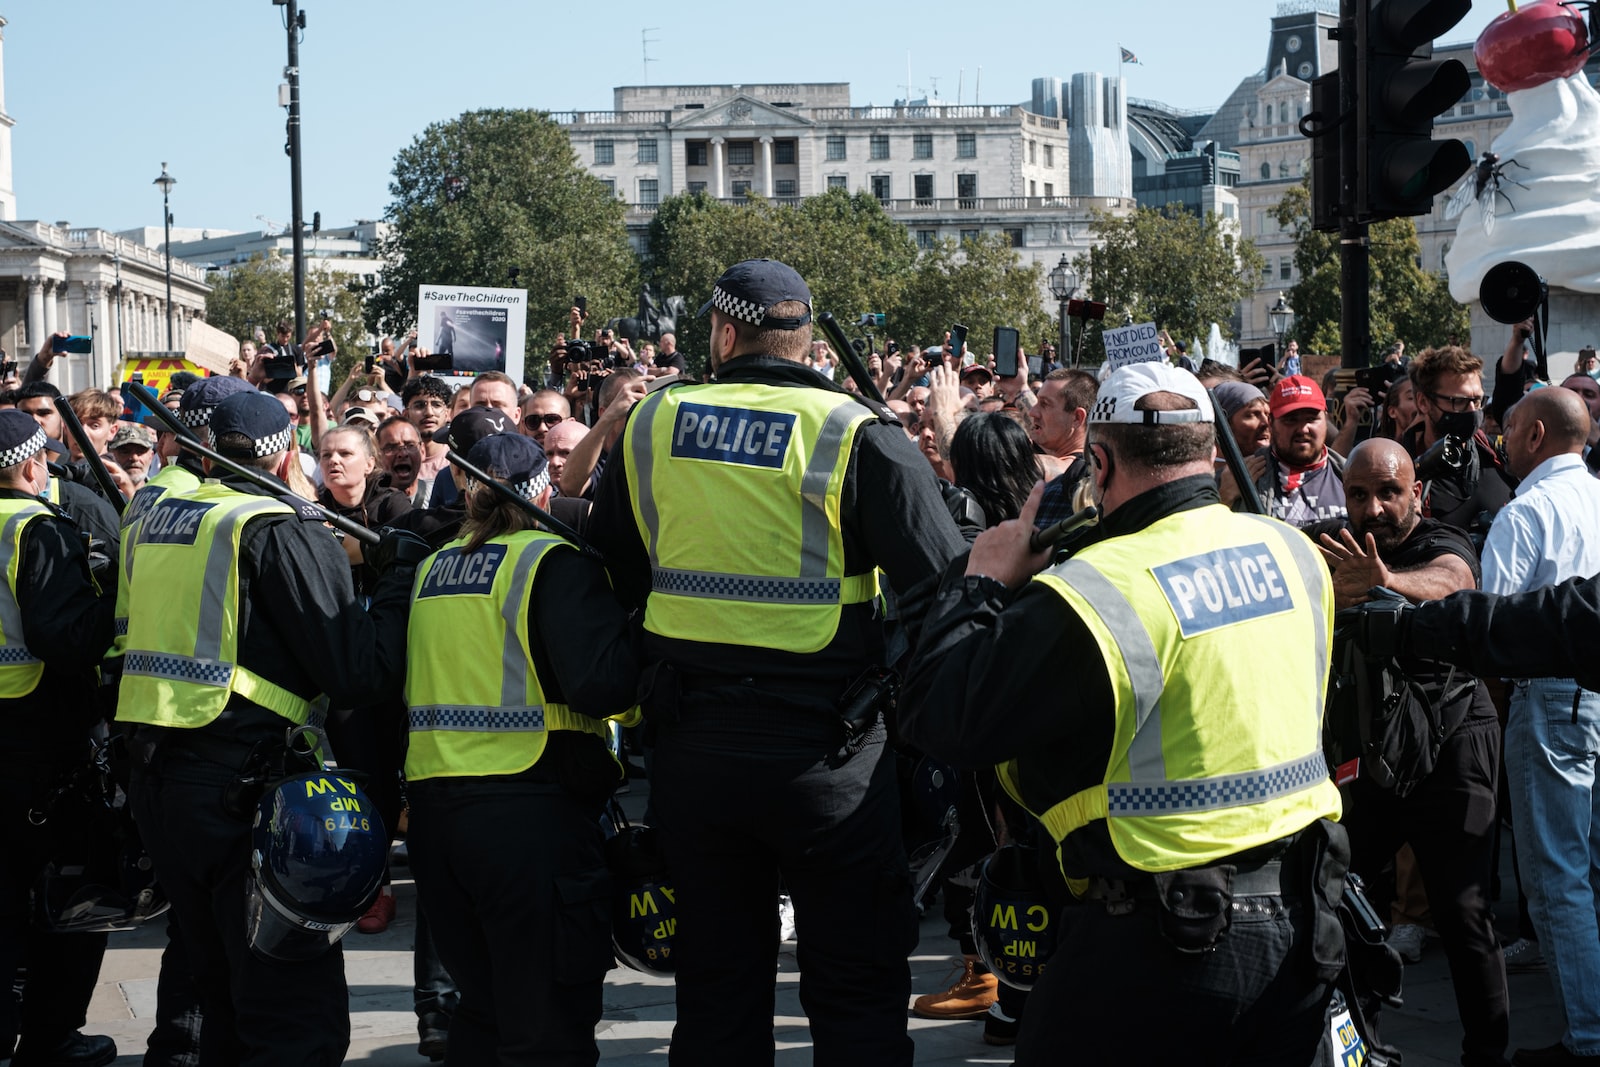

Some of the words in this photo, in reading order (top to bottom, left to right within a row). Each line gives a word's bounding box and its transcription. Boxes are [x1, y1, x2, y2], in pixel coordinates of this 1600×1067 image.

[424, 291, 520, 304] #SaveTheChildren
[1112, 330, 1129, 344] NOT
[1130, 326, 1156, 342] DIED
[1107, 348, 1132, 361] FROM
[1132, 343, 1160, 357] COVID
[676, 411, 787, 457] POLICE
[141, 505, 209, 535] POLICE
[423, 552, 499, 589] POLICE
[1168, 554, 1285, 620] POLICE
[330, 797, 361, 812] MP
[325, 816, 370, 831] 9779
[1003, 940, 1036, 957] MP

-=-=-=-=-

* [EXERCISE OBJECTIVE]: Could you write the entries out again exactly, without their pictures?

* [EXERCISE OUTPUT]:
Some of the words in this photo, in reading order (top to bottom, left to right within a row). Each line gives a word's bounding box and its transcription. Boxes are [x1, y1, x2, y2], in pixel coordinates of this 1600×1067 image.

[424, 291, 520, 304] #SaveTheChildren
[1112, 330, 1129, 344] NOT
[1130, 326, 1156, 342] DIED
[1107, 348, 1132, 361] FROM
[1132, 343, 1160, 357] COVID
[676, 411, 787, 457] POLICE
[141, 505, 209, 535] POLICE
[423, 552, 499, 589] POLICE
[1168, 554, 1285, 620] POLICE
[330, 797, 361, 812] MP
[325, 816, 370, 831] 9779
[1003, 940, 1036, 957] MP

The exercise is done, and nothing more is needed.